#### Task statement:
Each entry is to be retyped without alteration, and no picture is to be included.

#### Stored data:
-=-=-=-=-
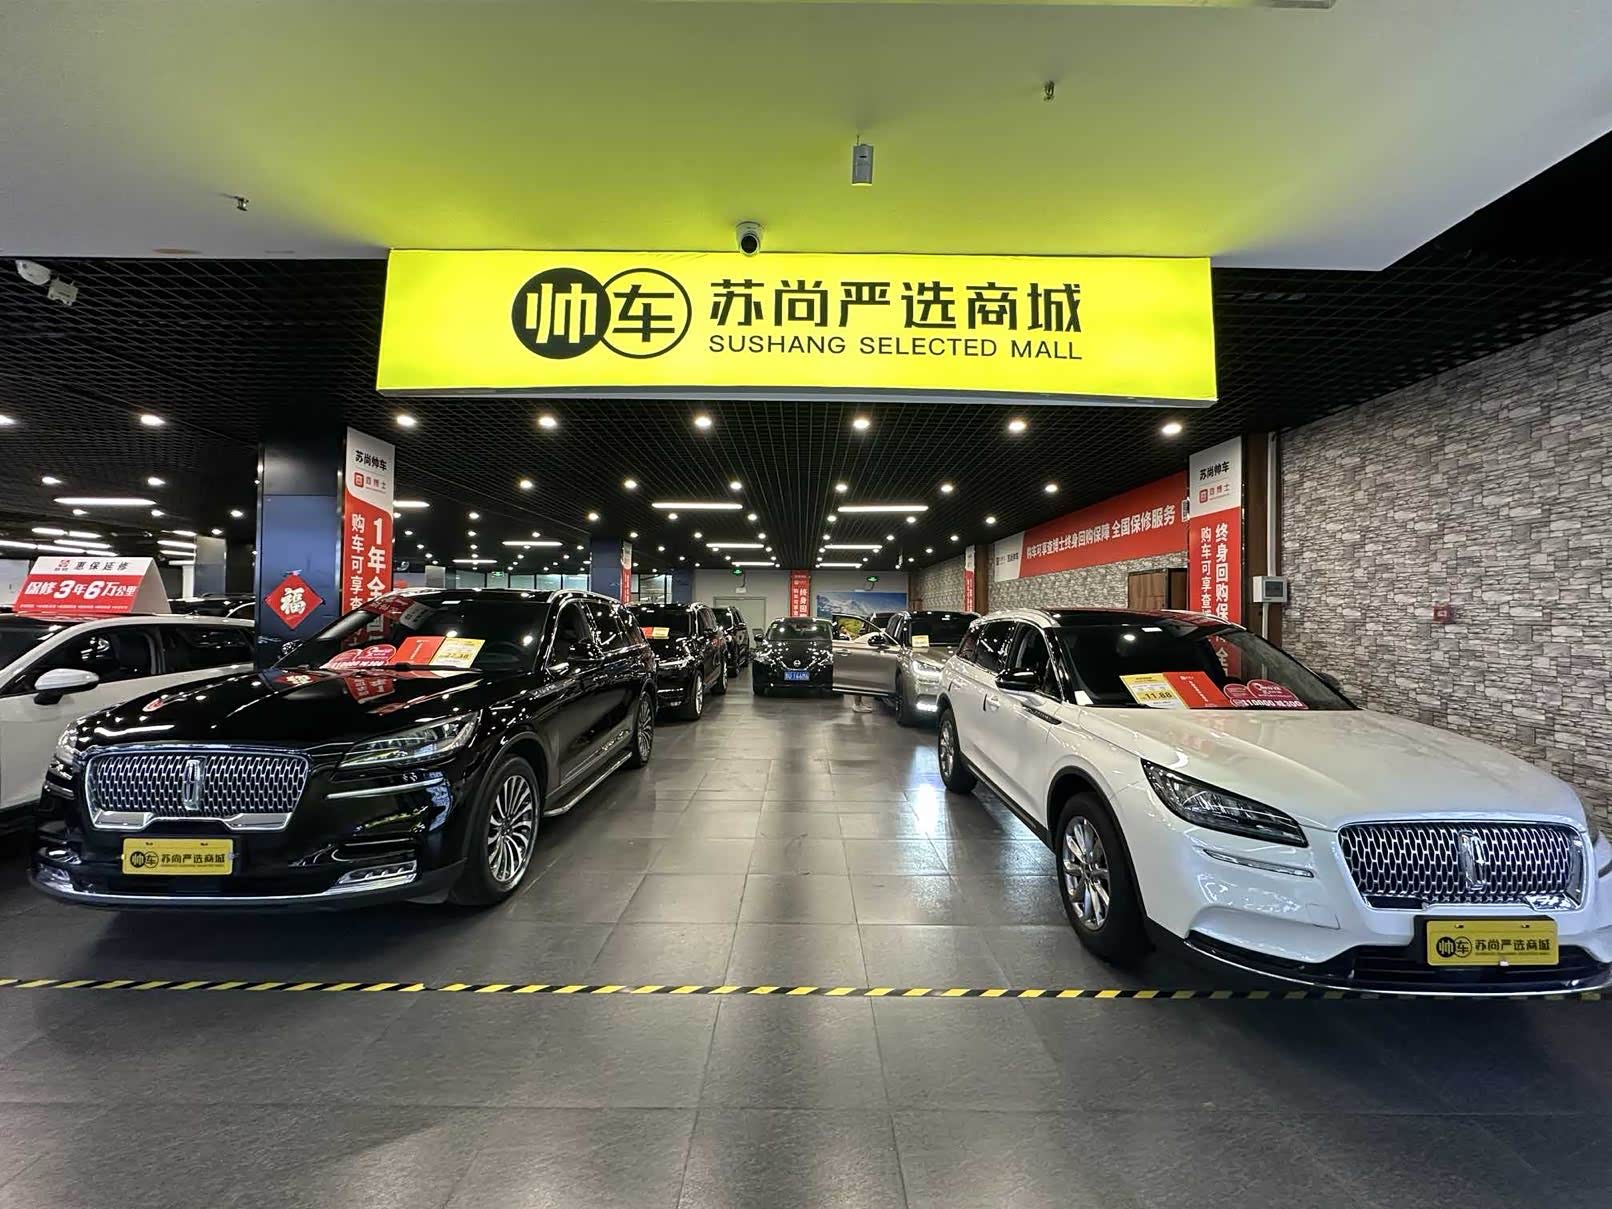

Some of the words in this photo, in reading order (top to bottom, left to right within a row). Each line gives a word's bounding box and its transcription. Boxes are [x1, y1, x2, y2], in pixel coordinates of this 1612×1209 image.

[709, 279, 1083, 334] 苏尚严选商城
[708, 335, 847, 355] SUSHANG
[860, 337, 998, 358] SELECTED
[1010, 339, 1083, 360] MALL
[355, 450, 388, 471] 苏尚帅车
[1199, 460, 1230, 481] 苏尚帅车
[1111, 504, 1176, 539] 全国保修服务
[24, 579, 138, 600] 保修3年6万公里
[281, 587, 307, 615] 福
[161, 853, 226, 864] 苏尚严选商城
[1475, 939, 1551, 952] 苏尚严选商城
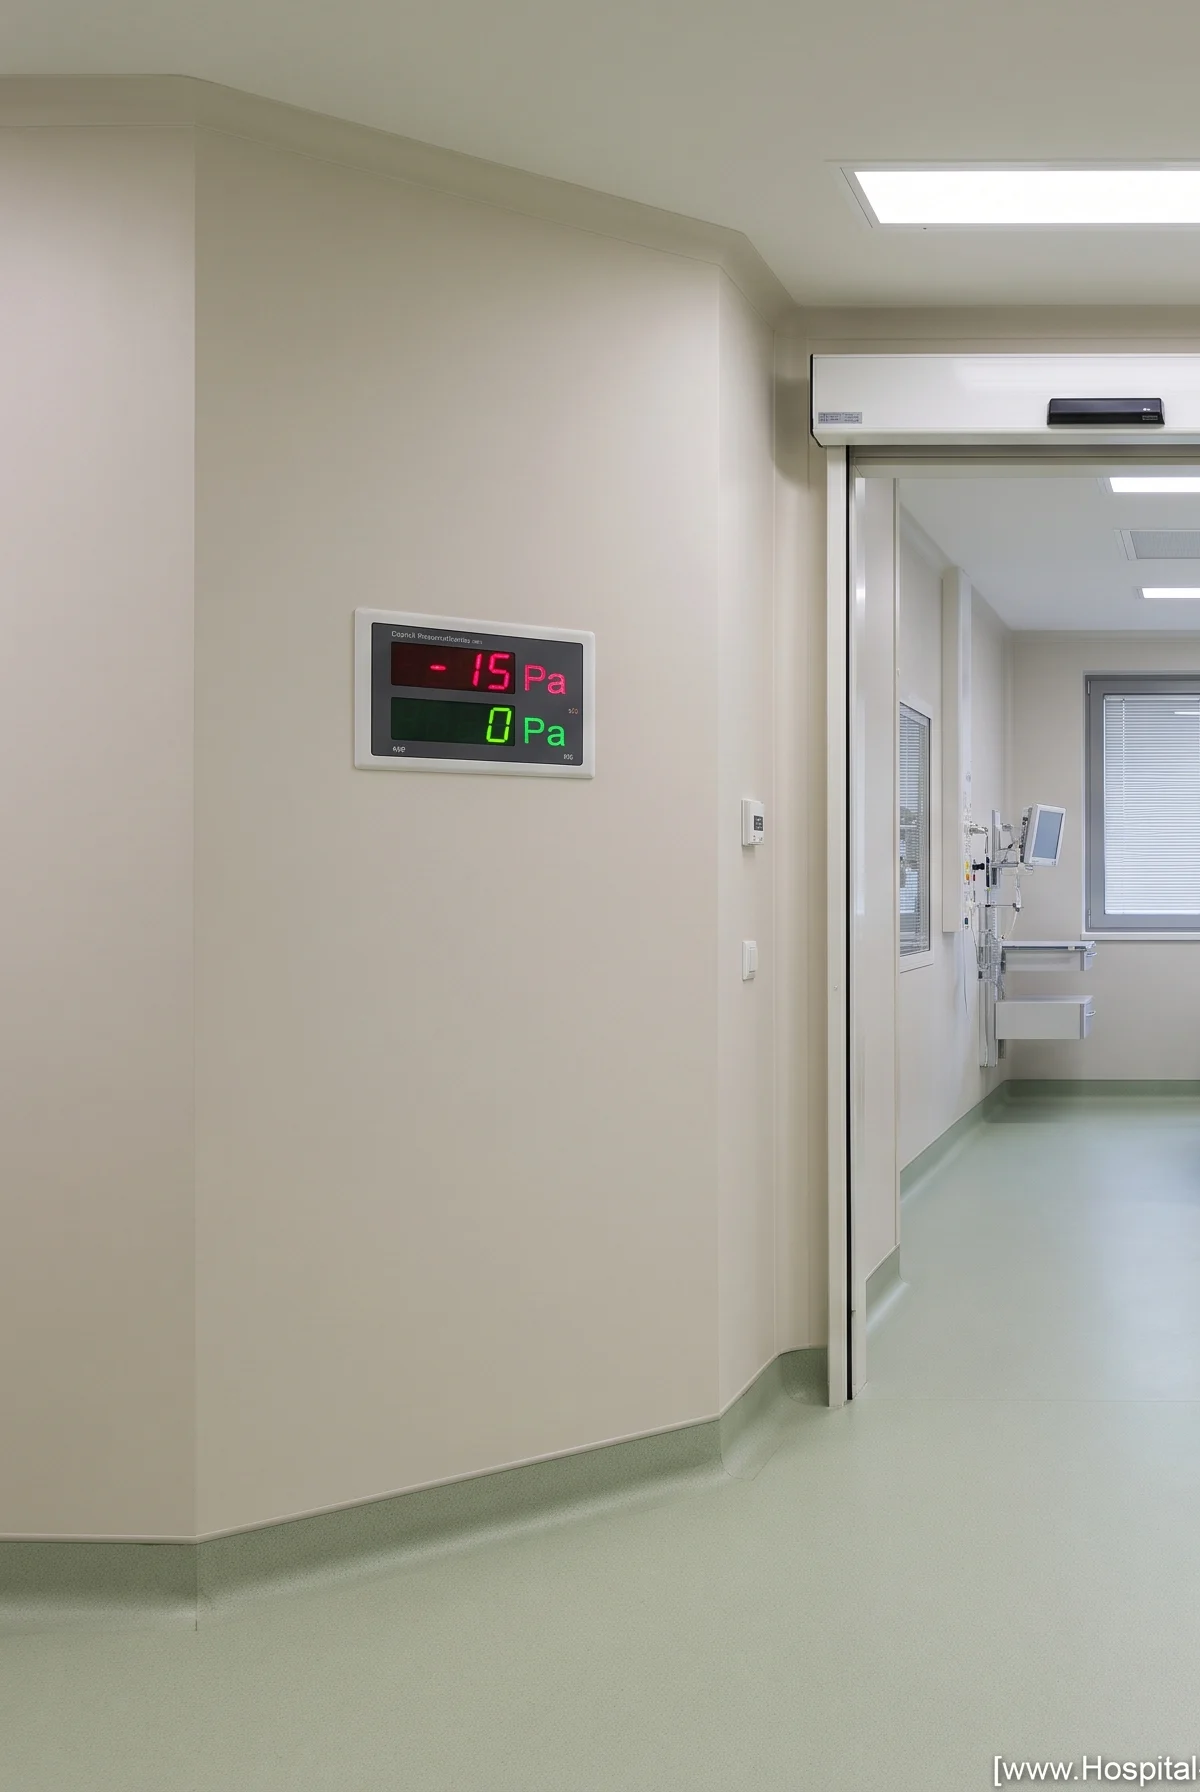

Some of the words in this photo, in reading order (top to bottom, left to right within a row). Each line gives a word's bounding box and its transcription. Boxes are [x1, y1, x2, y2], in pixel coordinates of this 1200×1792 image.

[524, 665, 567, 694] Pa
[486, 707, 512, 744] 0
[524, 717, 566, 747] Pa
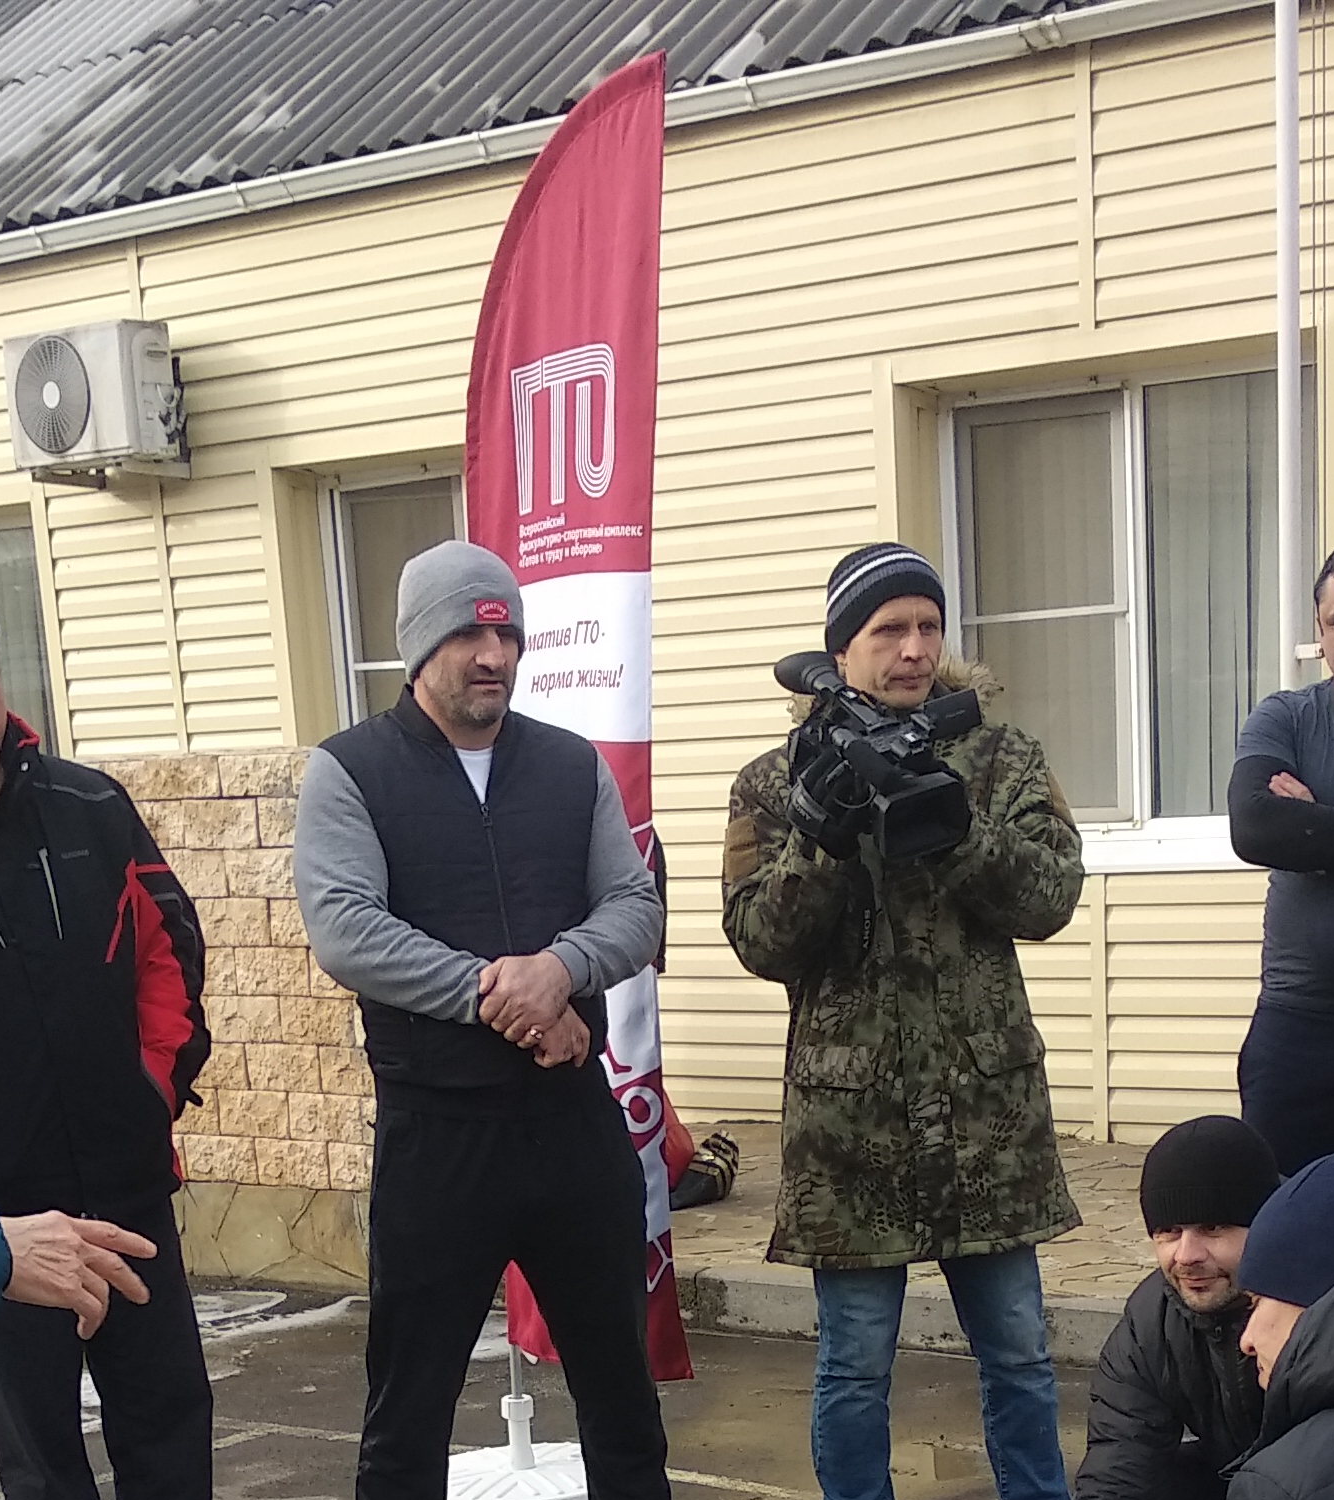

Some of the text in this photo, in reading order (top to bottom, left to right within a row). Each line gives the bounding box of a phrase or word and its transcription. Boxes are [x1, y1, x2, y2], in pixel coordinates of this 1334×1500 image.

[510, 343, 615, 516] ГТО
[519, 512, 565, 538] Всероссийский
[531, 663, 624, 698] норма жизни!
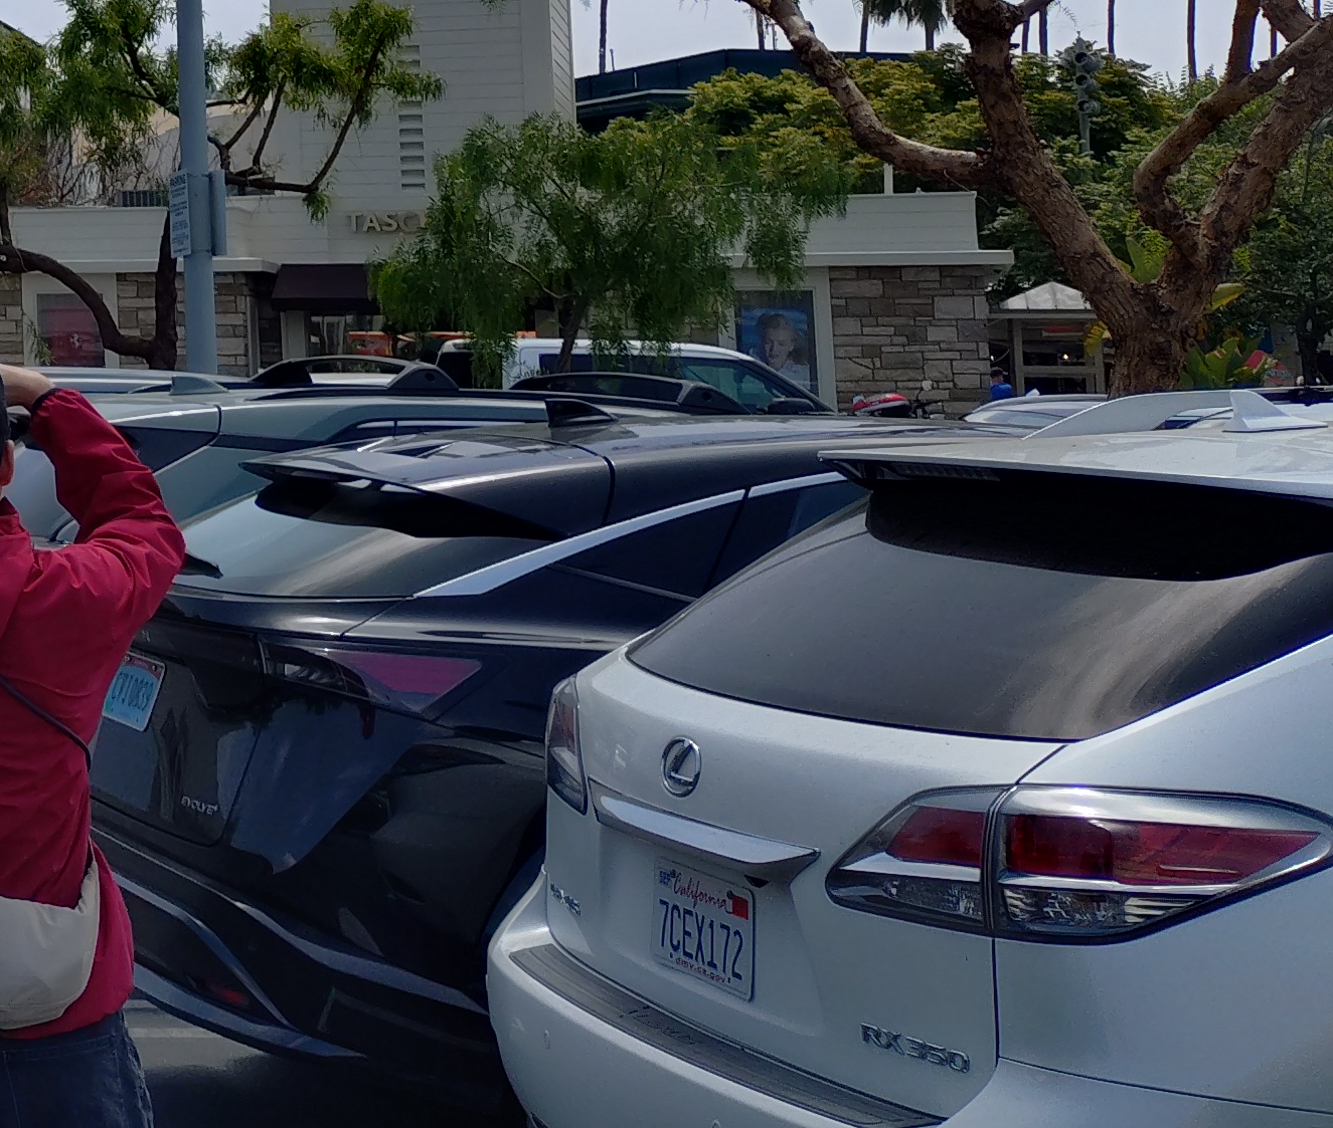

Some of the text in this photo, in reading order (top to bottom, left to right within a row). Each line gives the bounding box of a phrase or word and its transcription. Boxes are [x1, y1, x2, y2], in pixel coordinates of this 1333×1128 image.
-=-=-=-=-
#### Result for this exercise:
Some of the words in this photo, in reading order (top to bottom, left to right within a row). Each line gives a word's bounding box and its transcription. Boxes are [x1, y1, x2, y2], in pixel coordinates of this 1612×1209 image.

[709, 279, 1083, 334] 苏尚严选商城
[708, 335, 847, 355] SUSHANG
[860, 337, 998, 358] SELECTED
[1010, 339, 1083, 360] MALL
[355, 450, 388, 471] 苏尚帅车
[1199, 460, 1230, 481] 苏尚帅车
[1111, 504, 1176, 539] 全国保修服务
[24, 579, 138, 600] 保修3年6万公里
[281, 587, 307, 615] 福
[161, 853, 226, 864] 苏尚严选商城
[1475, 939, 1551, 952] 苏尚严选商城

Some of the words in this photo, in reading order (top to bottom, left to right within a row). Each line gives a word's bounding box and its transcription. Boxes are [x1, y1, x2, y2], in pixel coordinates of this 1200×1792 image.

[524, 665, 567, 694] Pa
[486, 707, 512, 744] 0
[524, 717, 566, 747] Pa

Some of the text in this photo, in reading order (top to bottom, left to right within a row). Each line gives the bounding box of a phrase or word and its transcription. Boxes are [x1, y1, x2, y2], in pixel coordinates of this 1334×1500 image.

[510, 343, 615, 516] ГТО
[519, 512, 565, 538] Всероссийский
[531, 663, 624, 698] норма жизни!

Some of the text in this photo, in reading order (top to bottom, left to right within a row). Each line gives the bounding box of a phrase or word and its transcription. Boxes are [x1, y1, x2, y2], in pixel coordinates of this 1333×1128 image.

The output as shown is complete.